Согласно университетскому уставу 1835 г., на медицинском факультете была организована вторая терапевтическая кафедра — частной патологии и терапии. С 1837 по 1862 г. ее возглавлял Иван Густавович Линдегрен (1799— 1870). Он читал частную патологию и терапию студентам 3, 4, 5 курсов. Студентам третьего курса читалась патология и терапия острых болезней, студентам старших курсов — хронических болезней. До 1845 г. И. Г. Линдегрен читал лекции по руководствам Раймона и Конштата, а затем — по руководствам Фукса и Конштата.
Научное наследие И. Г. Линдегрена ограничивается двумя статьями о холере. Однако, как уже говорилось, он остался в истории казанской медицинской школы в качестве поборника организации госпитальных клиник. Но есть еще один исторический аспект его деятельности.
Профессор И. Г. Линдегрен относился к той группе профессоров-иностранцев, которая оставила о себе не лучшие воспоминания. Он прославился как «заведомый гомеопат». Его лекции были «несвоевременные, устаревшие, не представляющие никакого интереса». Об отношении И. Г. Линдегрена к своим педагогическим обязанностям ясное представление дают следующие воспоминания: «Однажды он на короткое время вышел среди лекции освежиться... Один из студентов подошел к кафедре и перевернул несколько страниц в тетради... Возвратись, Линдегрен продолжал лекцию. До выхода он читал... о скорбуте и не кончил еще об этой болезни, а по возвращении он читал по перевернутой тетради уже о воспалении почек...»
Профессор И. Г. Линдегрен за более чем 20-летнюю службу в Казанском университете так и не овладел по-настоящему русским языком и читал свои лекции на латыни. На лекциях он, не таясь, заявлял студентам, что русские не способны к изучению медицины. Читая о воспалении мозга, он говорил, что «болезнь эта редко встречается между русскими учеными, но зато весьма часто между немецкими, у которых мозг более восприимчив и более приспособлен к умственным занятиям».
Появление в российских университетах профессоров, подобных И. Г. Линдегрену, обусловливалось не только отсутствием собственных национальных кадров. Играл роль и другой фактор. Многие царские администраторы слепо верили в глубокую ученость любого иностранца, имеющего докторский диплом. Поэтому они в приказном порядке замещали профессорские вакансии лицами, неспособными к научно-педагогической деятельности, но зато иностранного происхождения.
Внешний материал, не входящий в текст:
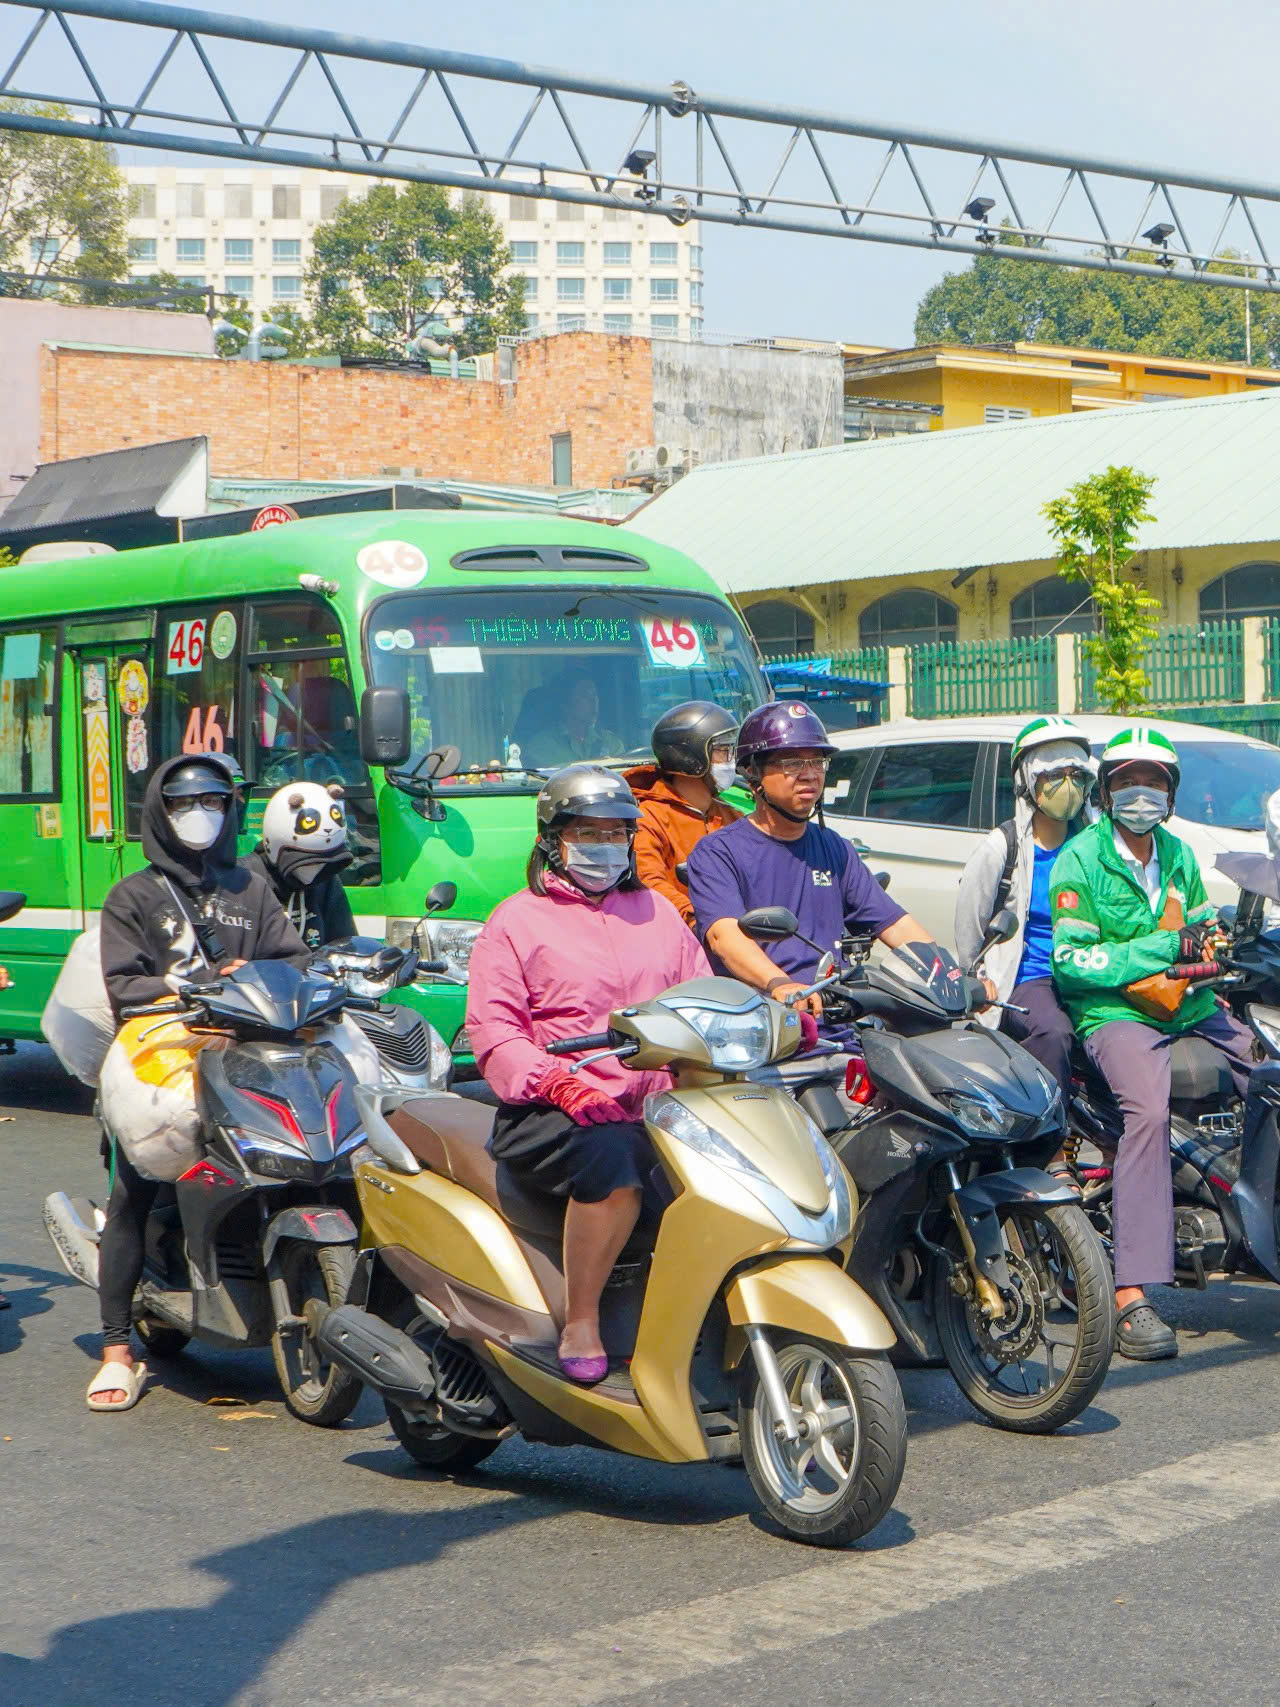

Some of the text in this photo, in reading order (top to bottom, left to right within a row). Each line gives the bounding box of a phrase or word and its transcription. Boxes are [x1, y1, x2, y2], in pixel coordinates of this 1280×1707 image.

Таким путем, например, занял кафедру в Казанском университете В. Ф. Берви.
Несмотря на то, что профессора медицинского факультета Фукс, Ерохов и Лентовский не увидели «в сочинениях г. Берви тех сведений, кои необходимы для человека, долженствующего безукоризненно носить на себе звание профессора»4, попечитель Казанского учебного округа М. Н. Мусин-Пушкин настоял на его кандидатуре, ибо В. Ф. Берви был ему «рекомендован с отличной стороны гг. Московским военным генерал-губернатором, князем Голициным и Министром народного просвещения князем Карлом Андреевичем Ливеным».
Однако ученых типа Линдегрена было не так уж и много. Их тормозящее влияние на развитие русской медицины не следует преувеличивать, хотя именно они, в первую очередь, и породили негативное отношение ряда историков медицины к деятельности немецких медиков в России.